Patients with type 2 diabetes who underwent bariatric surgery were less likely to develop microvascular disease than similar patients who didn't have surgery, according to a recent analysis.
The retrospective cohort study included 4,024 patients ages 19 to 79 years who had type 2 diabetes and bariatric surgery between 2005 and 2011. They were matched with up to three nonsurgical control patients based on age, sex, body mass index (BMI), HbA1c level, insulin use, diabetes duration, and intensity of health care use. Follow-up continued through September 2015. Results were published by Annals of Internal Medicine on Aug. 7.

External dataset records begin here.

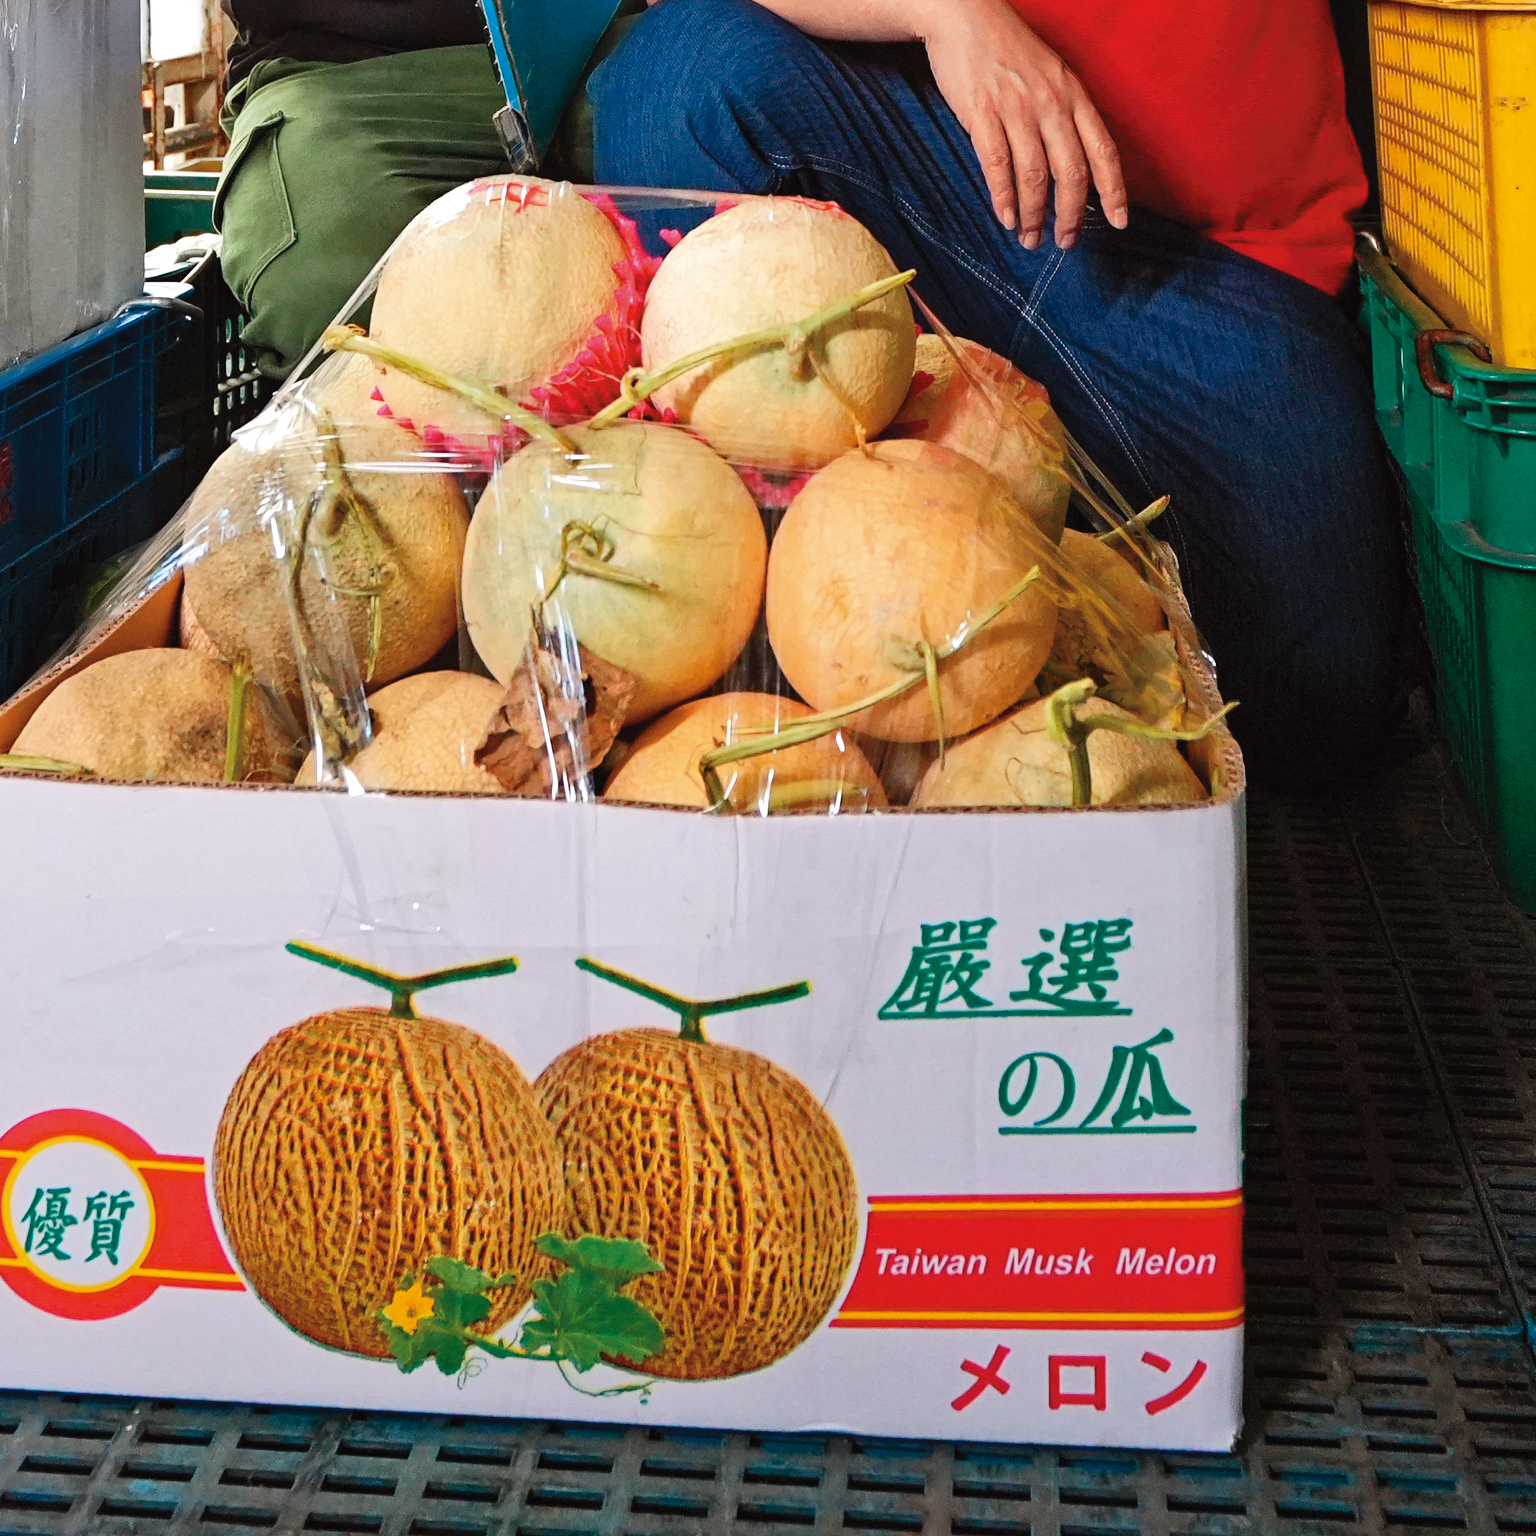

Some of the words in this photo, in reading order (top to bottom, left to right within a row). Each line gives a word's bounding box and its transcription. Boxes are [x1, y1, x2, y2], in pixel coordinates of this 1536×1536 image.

[880, 917, 1133, 1017] 嚴選
[997, 1028, 1192, 1129] の瓜
[20, 1186, 136, 1267] 優質
[875, 1247, 988, 1276] Taiwan
[1004, 1247, 1094, 1276] Musk
[1115, 1247, 1217, 1276] Melon
[950, 1344, 1208, 1416] メロン

At five years, a significantly smaller percentage of the bariatric surgery patients had developed microvascular disease (16.9% vs. 34.7%; adjusted hazard ratio [HR], 0.41 [95% CI, 0.34 to 0.48]). The difference was primarily driven by a lower incidence of diabetic neuropathy (7.2% vs. 21.4%; HR, 0.37 [95% CI, 0.30 to 0.47]), but there were also significant differences in the rates of nephropathy (4.9% vs. 10.0%; HR, 0.41 [95% CI, 0.29 to 0.58]) and retinopathy (7.2% vs. 11.2%; HR, 0.55 [CI, 0.42 to 0.73]).

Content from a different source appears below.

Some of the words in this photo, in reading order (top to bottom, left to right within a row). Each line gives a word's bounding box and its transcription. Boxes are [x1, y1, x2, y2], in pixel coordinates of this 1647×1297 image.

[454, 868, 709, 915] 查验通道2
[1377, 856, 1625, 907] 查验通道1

Previous research on diabetic retinopathy and bariatric surgery has been mixed, perhaps because rapid decreases in HbA1c level and discontinuation of fenofibrates and angiotensin-receptor blockers after surgery can increase risk for this complication, the authors noted. Although this study was limited by its observational design and the risk of confounding by indication, the results should help diabetes patients make informed decisions about their treatment options, they said. “Not all patients will be interested in bariatric surgery to treat their [type 2 diabetes], but providers should engage all patients with [type 2 diabetes] and a BMI of 35 kg/m2 or higher in a shared decision-making conversation about the benefits and risks of bariatric procedures,” the authors wrote.

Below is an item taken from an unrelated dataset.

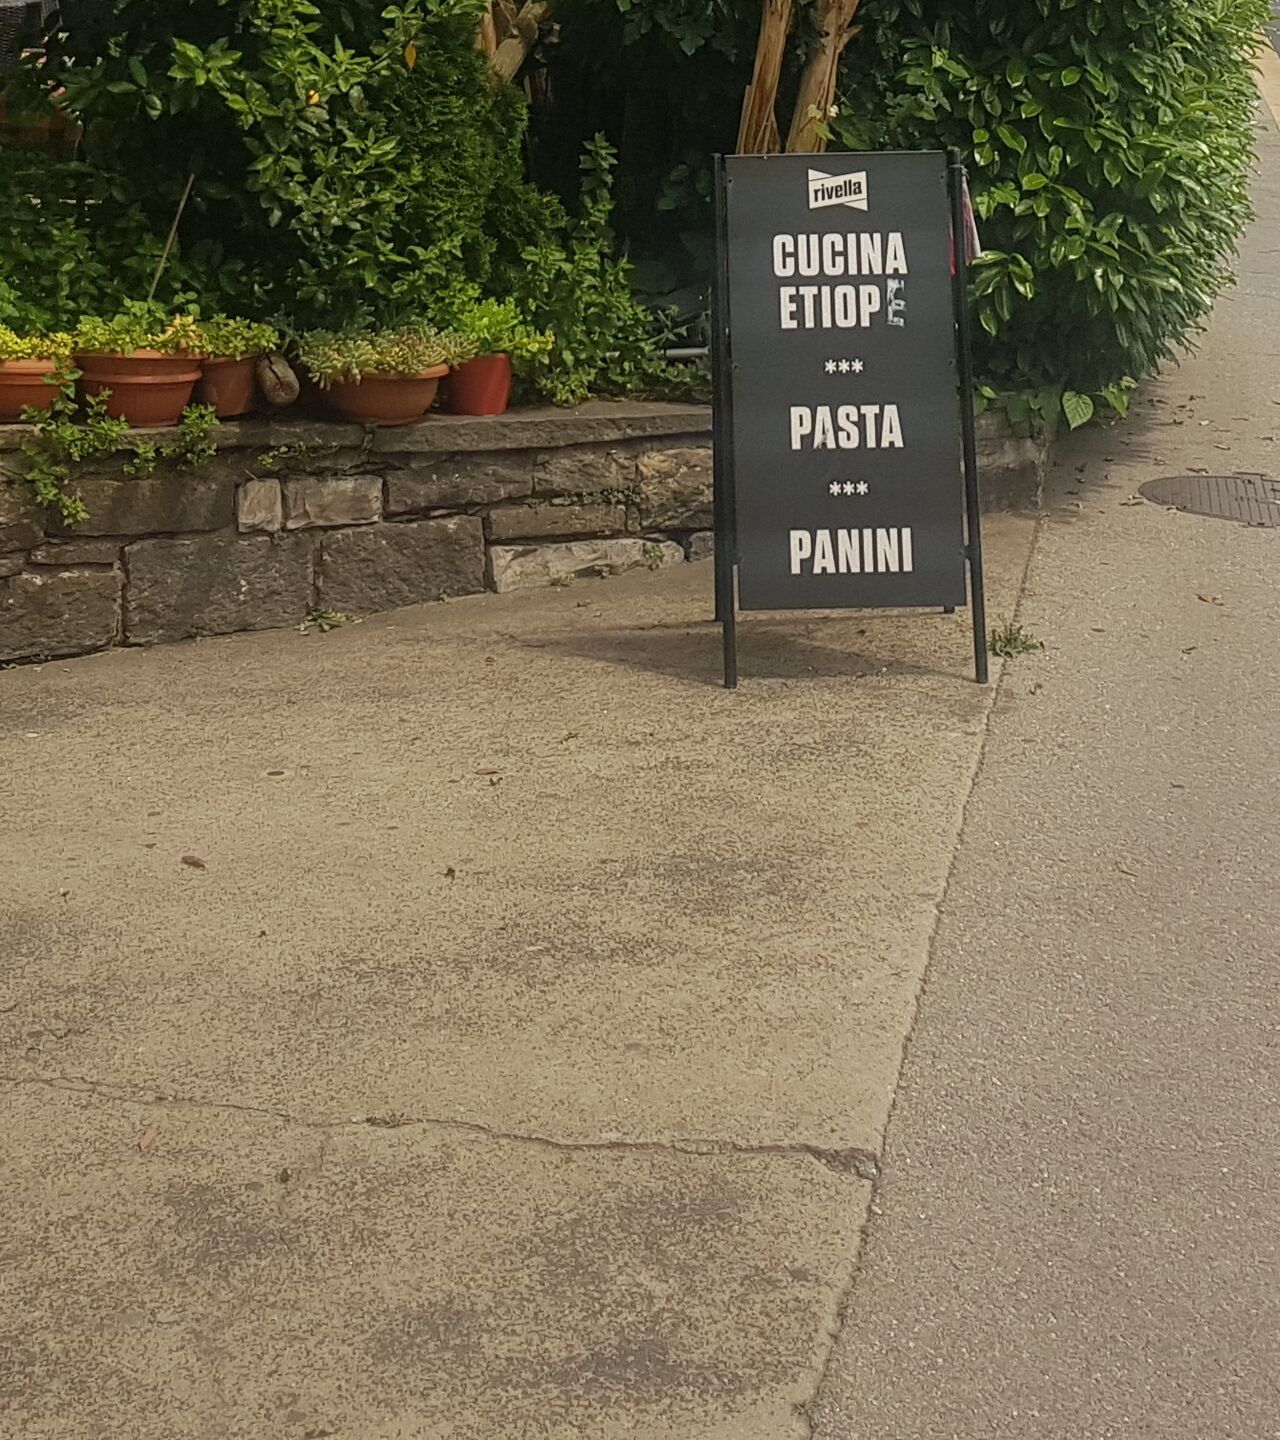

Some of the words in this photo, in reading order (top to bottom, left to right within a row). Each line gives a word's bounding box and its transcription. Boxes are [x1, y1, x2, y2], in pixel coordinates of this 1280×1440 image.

An accompanying editorial mentioned the concern that the results may have been affected by which patients choose to have surgery and called for a randomized controlled trial to confirm the findings of this large cohort study. Researchers should also investigate whether nonsurgical treatments that result in equivalent weight loss and metabolic control have a similar effect on microvascular outcomes and whether bariatric surgery can reverse existing microvascular disease. “Bariatric surgery is safe and is, at present, our most evidence-based treatment to put hyperglycemia from [type 2 diabetes] into remission,” the editorial said.